Dataset items:
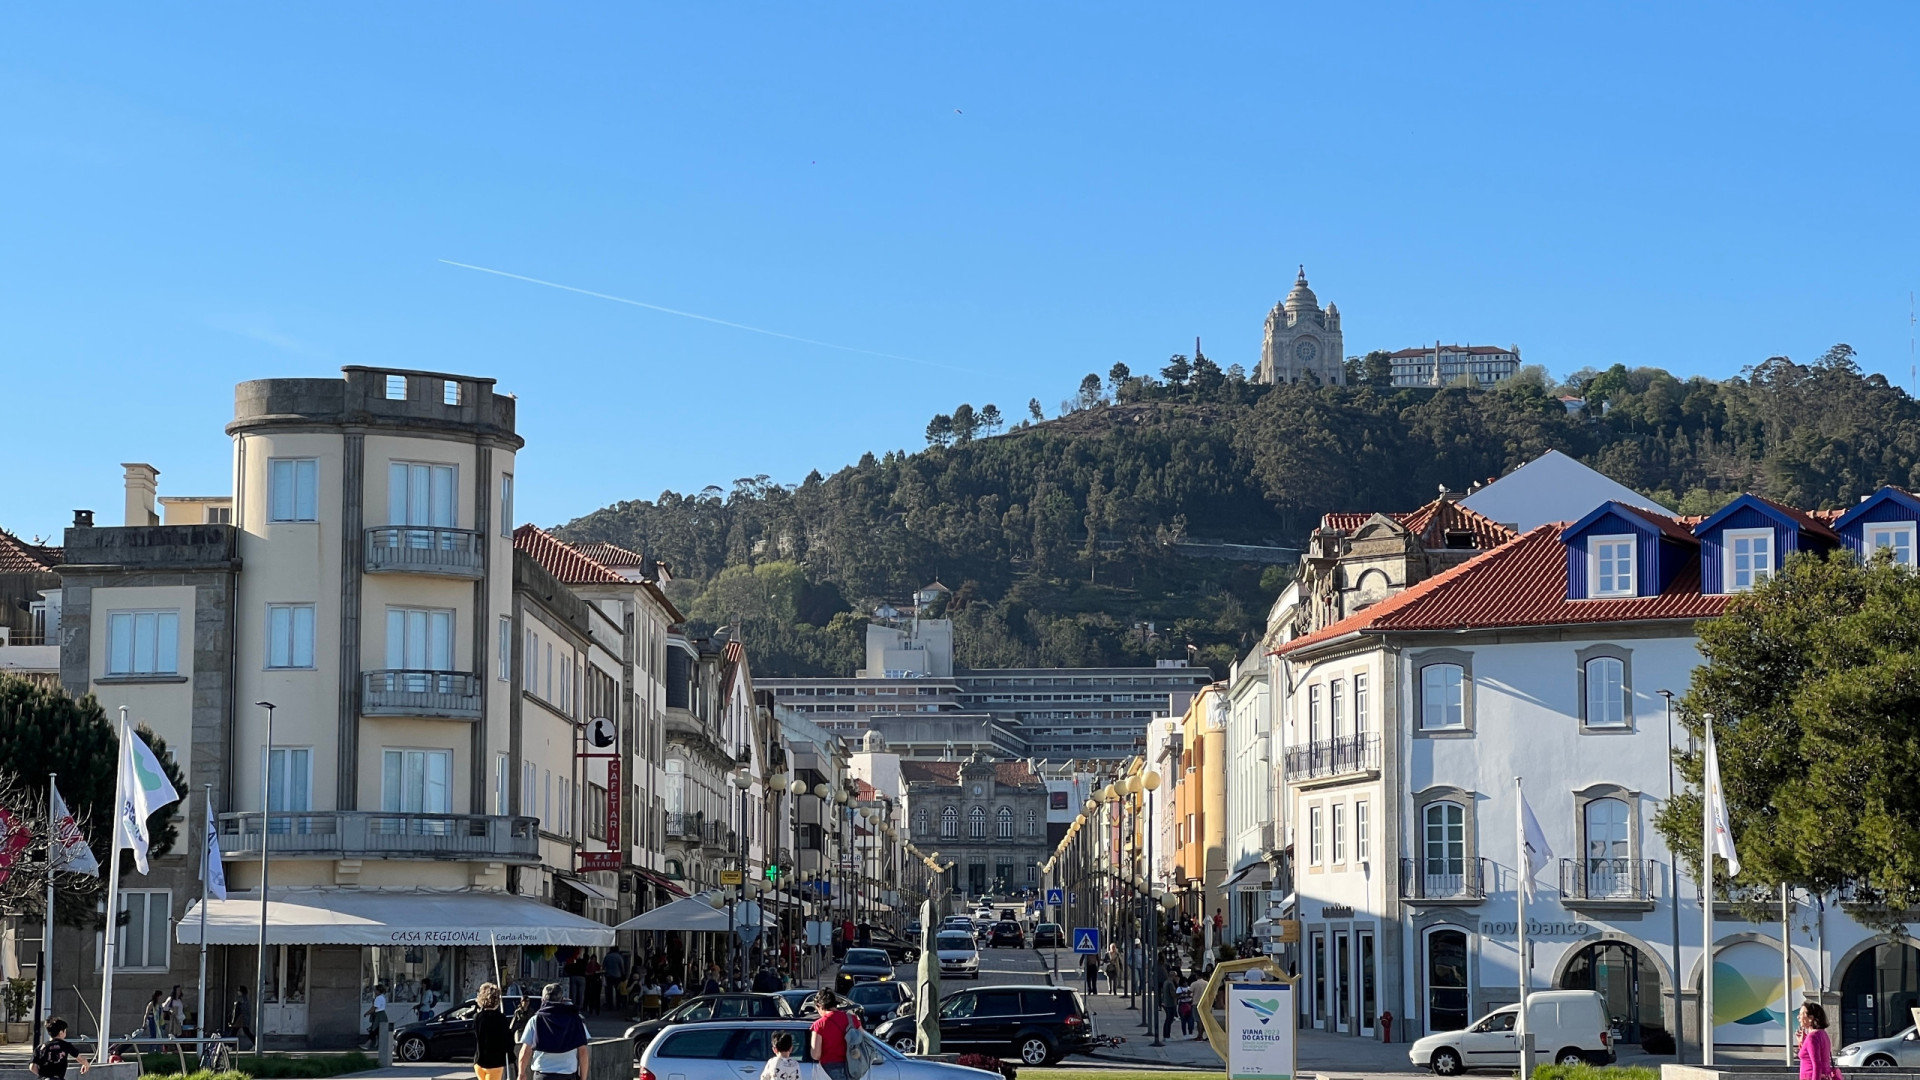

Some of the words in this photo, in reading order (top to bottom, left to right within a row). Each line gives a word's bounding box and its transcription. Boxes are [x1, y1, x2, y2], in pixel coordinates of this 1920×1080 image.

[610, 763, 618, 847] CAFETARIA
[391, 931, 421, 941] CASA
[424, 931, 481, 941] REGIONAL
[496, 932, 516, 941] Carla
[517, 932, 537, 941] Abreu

### TASK REQUIREMENTS:
Return all the records exactly, excluding images.

### RESPONSE BOX:
Some of the words in this photo, in reading order (top to bottom, left to right within a row). Each line gives a word's bounding box and its transcription. Boxes are [x1, y1, x2, y2], in pixel coordinates of this 1920×1080 image.

[610, 763, 618, 847] CAFETARIA
[391, 931, 421, 941] CASA
[424, 931, 481, 941] REGIONAL
[496, 932, 516, 941] Carla
[517, 932, 537, 941] Abreu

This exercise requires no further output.